Preparation of a NPR and decennial census is a legitimate activity of the Union Government and the data thrown up by these exercises form the basis for policy-making not just at the federal level but at the State, district and taluk levels as well. It was, therefore, shocking to see someone like Arundhati Roy exhort citizens to provide fake names and addresses to the enumerators so as to render the entire exercise infructuous. Media reports indicate that she even suggested that the people provide “7, Race Course Road” — the address of the Prime Minister at one time — as their residential address.

Even more preposterous was her suggestion that the Narendra Modi Government, which got a massive mandate from the people in May 2019 to govern till 2024, not be allowed to continue in office.

Her attempt to paralyse the working of the Union Government in regard to collection of population data and to curtail the tenure of a duly-elected Government constitutes subversion of the Constitution. Tolerance of such subversive activities is inimical to national unity and integrity and we should not allow a small minority of dissenters to disrupt governance and democratic traditions in this manner.

Further, the propaganda that the enumeration undertaken for the NPR must be resisted because it is against the Muslim minority in India, is totally baseless. It appears as if some people are afraid of the truth.

Data is critical for a number of reasons. For example, the Union Government and many State Governments have formulated policies and welfare schemes especially to ameliorate the conditions of the religious and linguistic minorities. These schemes relate to education, employment, skilling and financial assistance for self employment. The scope and range of these schemes depend on demographics and a decadal head count is an absolute must. The census data is used not just by the Union Government but by Governments and institutions down below at the State, district and taluk levels.

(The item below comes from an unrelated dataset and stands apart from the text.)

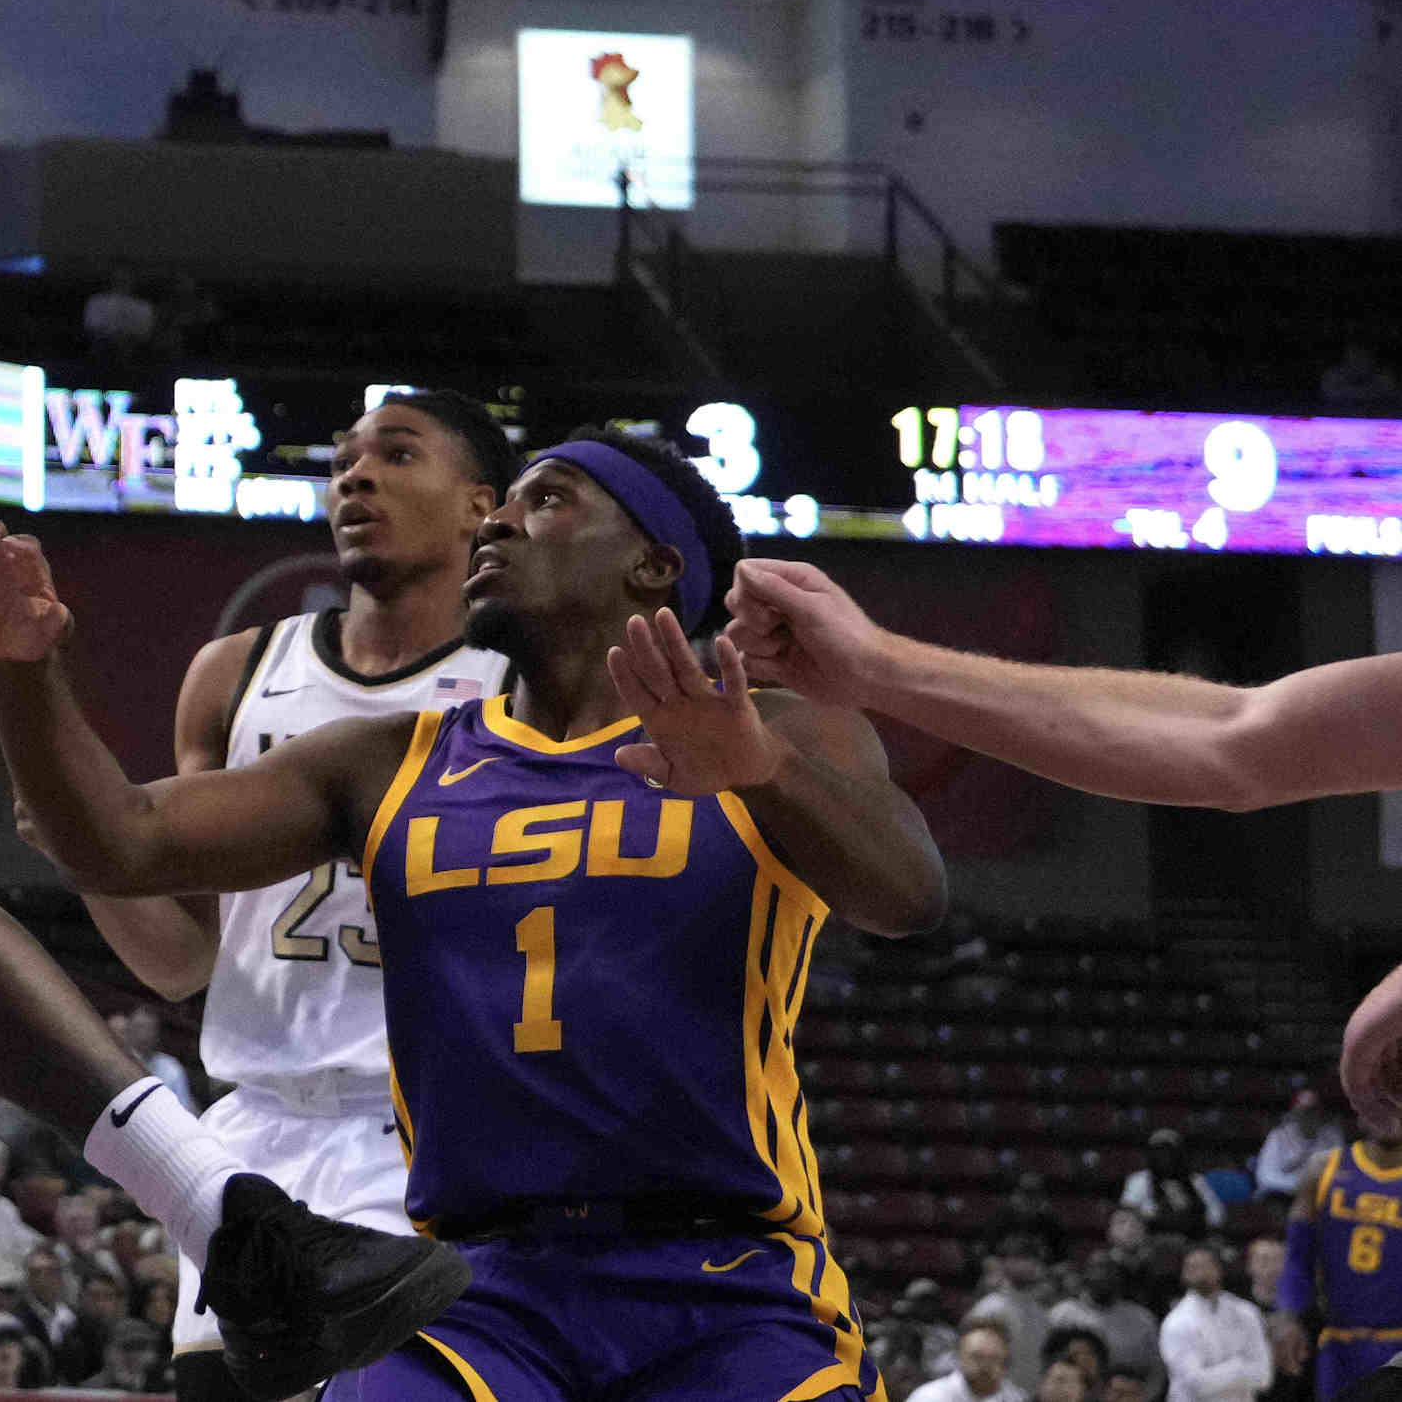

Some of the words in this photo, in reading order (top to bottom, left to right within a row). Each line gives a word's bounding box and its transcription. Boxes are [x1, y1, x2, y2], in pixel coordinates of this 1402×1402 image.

Pseudo-secularists seem to believe that the Muslims are the only minority in India. Nothing can be farther from the truth. The Hindus in India constitute just around 80 per cent of the population, which means in actual numbers, they would be about one billion of the 1.33 billion population. But the Hindus constitute a minority in six of the 28 States in the country and in a few Union Territories, as do the Christians (except in some States in the North-east), the Sikhs (except in Punjab), the Buddhists, the Jains and the Parsis. The Muslim population in India has risen from 35 million at the time of Independence to around 175 million at this point in time.

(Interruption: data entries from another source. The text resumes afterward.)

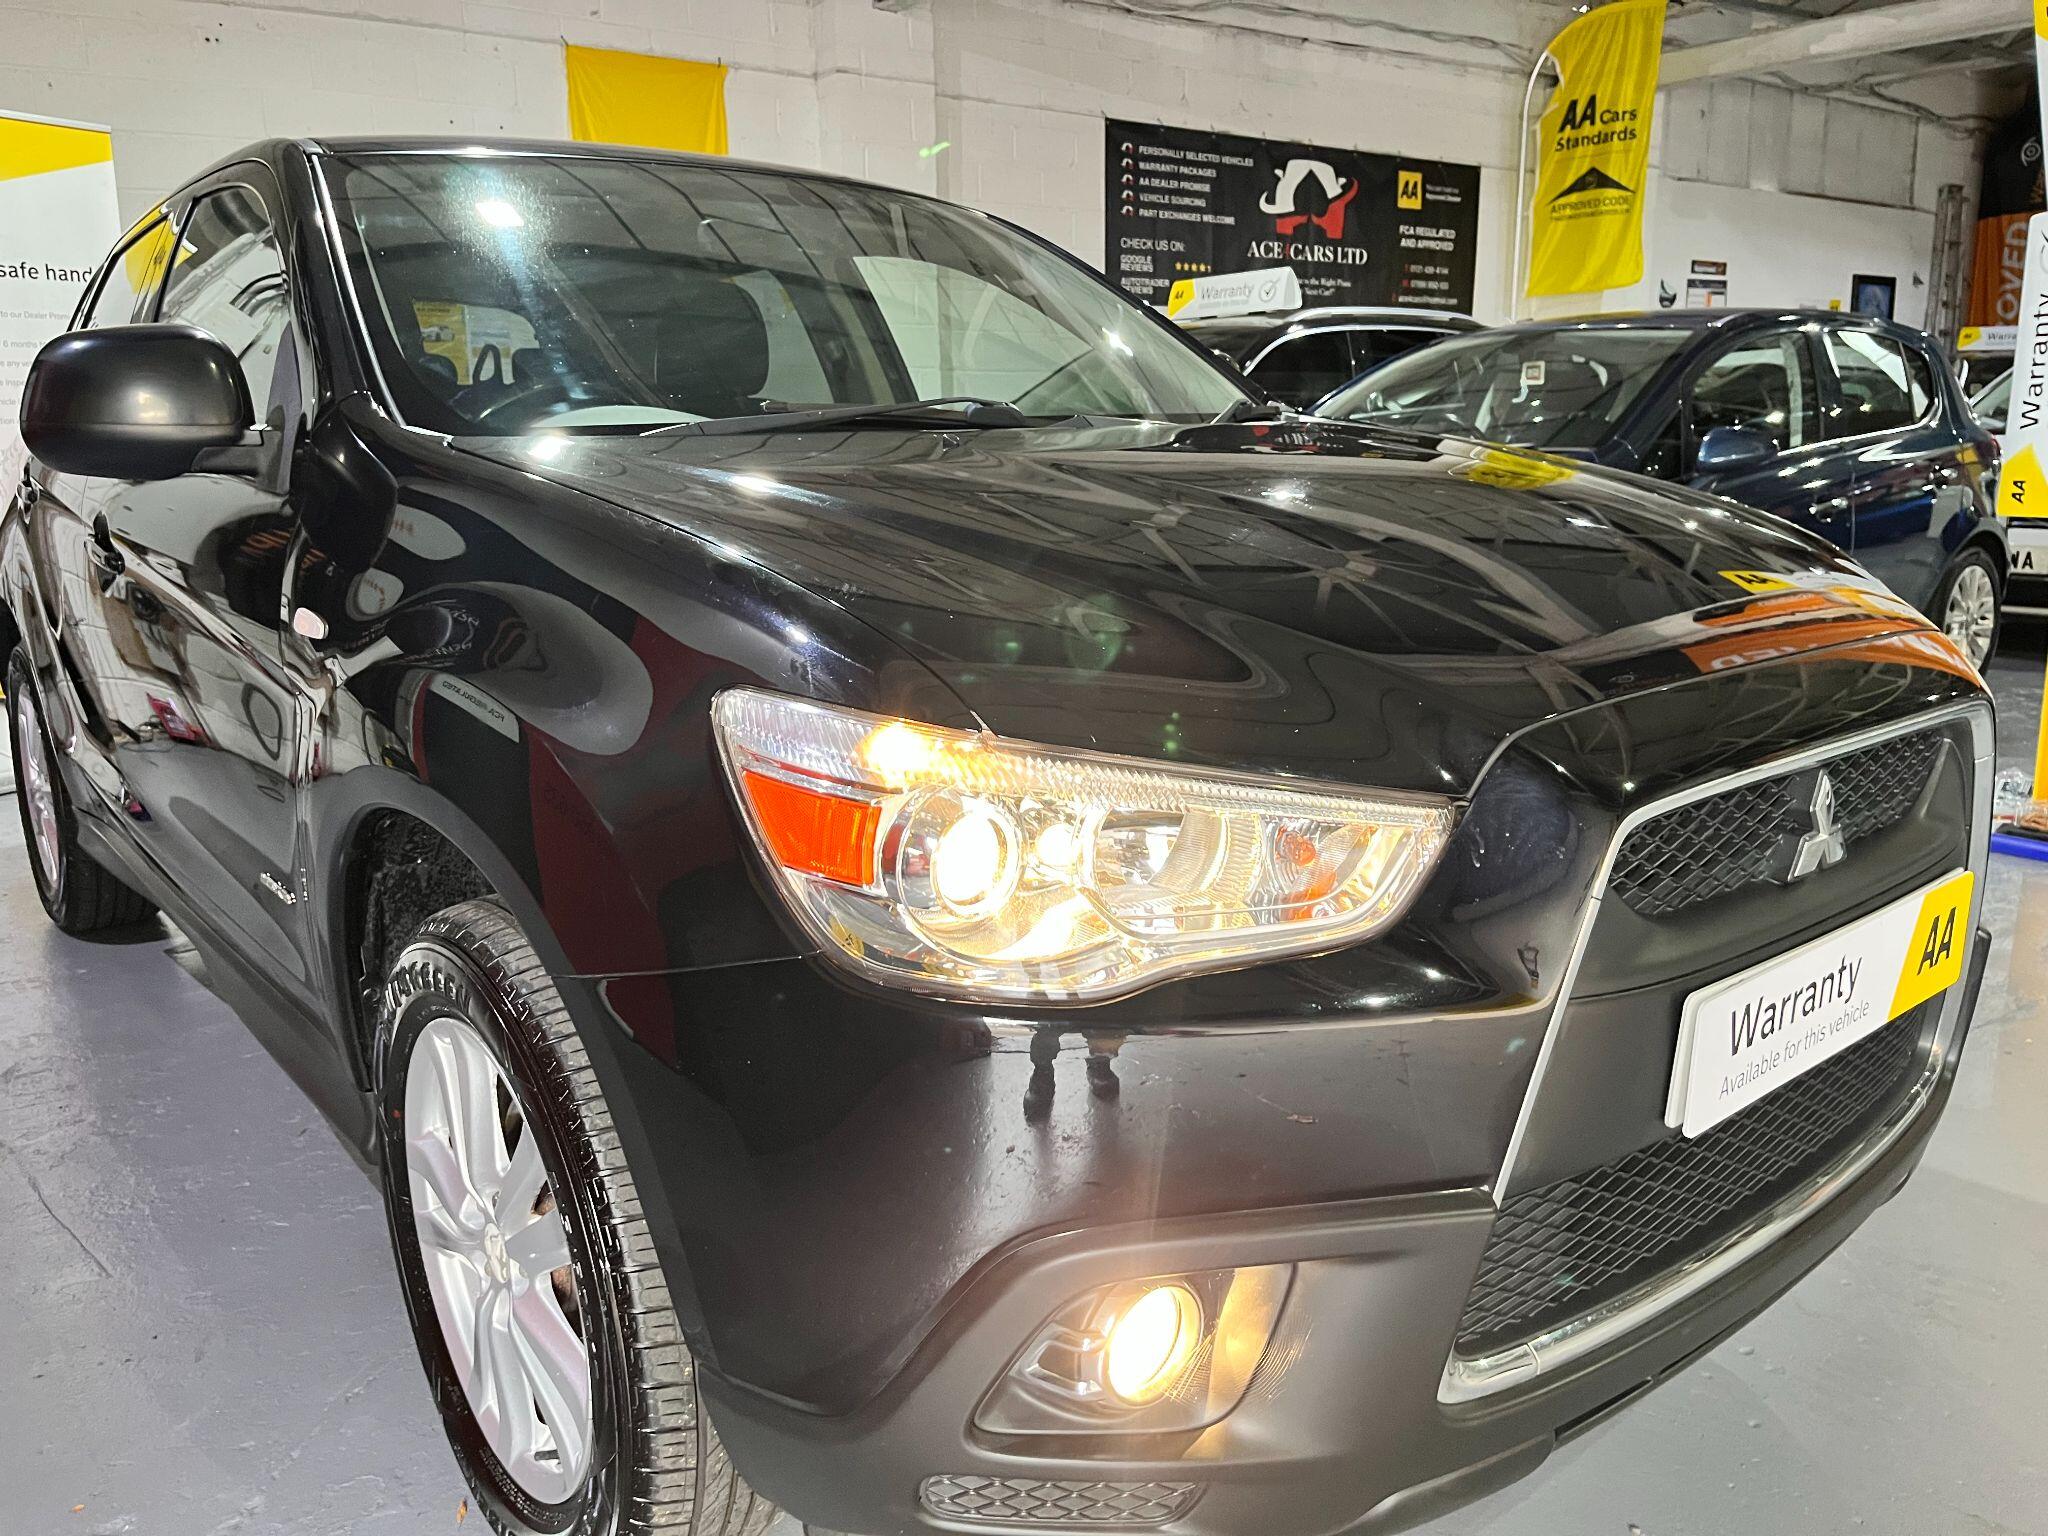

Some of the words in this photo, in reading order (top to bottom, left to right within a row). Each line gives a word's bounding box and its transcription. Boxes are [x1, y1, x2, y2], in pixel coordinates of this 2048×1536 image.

[1558, 94, 1596, 133] AA
[1600, 109, 1638, 125] Cars
[1555, 127, 1637, 152] Standards
[1139, 145, 1185, 159] PERSONALLY
[1139, 161, 1179, 173] WARRANTY
[1179, 165, 1217, 178] PACKAGES
[1151, 178, 1179, 189] DEALER
[1401, 180, 1418, 200] AA
[1139, 193, 1170, 204] VEHICLE
[1139, 208, 1158, 218] PART
[1120, 238, 1153, 250] CHECK
[1155, 240, 1168, 251] US
[1247, 240, 1283, 258] ACE
[1290, 243, 1334, 263] CARS
[1337, 247, 1368, 265] LTD
[1120, 254, 1152, 263] GOOGLE
[0, 262, 39, 280] safe
[1201, 280, 1254, 300] Warranty
[2012, 480, 2026, 503] AA
[1916, 906, 1957, 976] AA
[1730, 955, 1862, 1057] Warranty
[1718, 1048, 1780, 1101] Available
[1782, 1036, 1802, 1064] for
[1803, 1023, 1826, 1052] this
[1829, 999, 1870, 1036] vehicle

Further, we have the linguistic minorities, who are at par with religious minorities as per our Constitution. A reading of Articles 29 and 30 of the Constitution will make it clear that the intention of the founding fathers was to accord the same kind of protection to both religious and linguistic minorities and the State would be the unit to determine who is a minority.

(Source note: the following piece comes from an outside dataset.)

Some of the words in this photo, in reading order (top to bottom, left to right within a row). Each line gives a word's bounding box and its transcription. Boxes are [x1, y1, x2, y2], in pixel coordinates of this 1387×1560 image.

A Kannadiga in Hindi-majority Haryana (as this writer is) gets as much protection as say, Mohammed Iqbal, in Hindu-majority Haryana as per these Constitutional provisions.

Therefore, if pseudo-secularists oppose population data collection and census, which is a legitimate Government activity in all nations across the world, the presumption will be that they are afraid of the numbers that will crop up. The steep rise in the Muslim population in India over the decades and the huge difference between the decadal growth rates of Muslims vis-a-vis the Hindus, Christians, Buddhists, Jains and Parsis, will nail the lie that Muslims are persecuted in India.

Indian citizens, who are adherents of Islam, must, therefore, guard against the false narrative of this minuscule minority of pseudo-secularists and should not allow themselves to be persuaded to oppose the NPR or the census. India will become ungovernable if such tendencies emerge.

(The writer is an author specialising in democracy studies. Views expressed are personal.)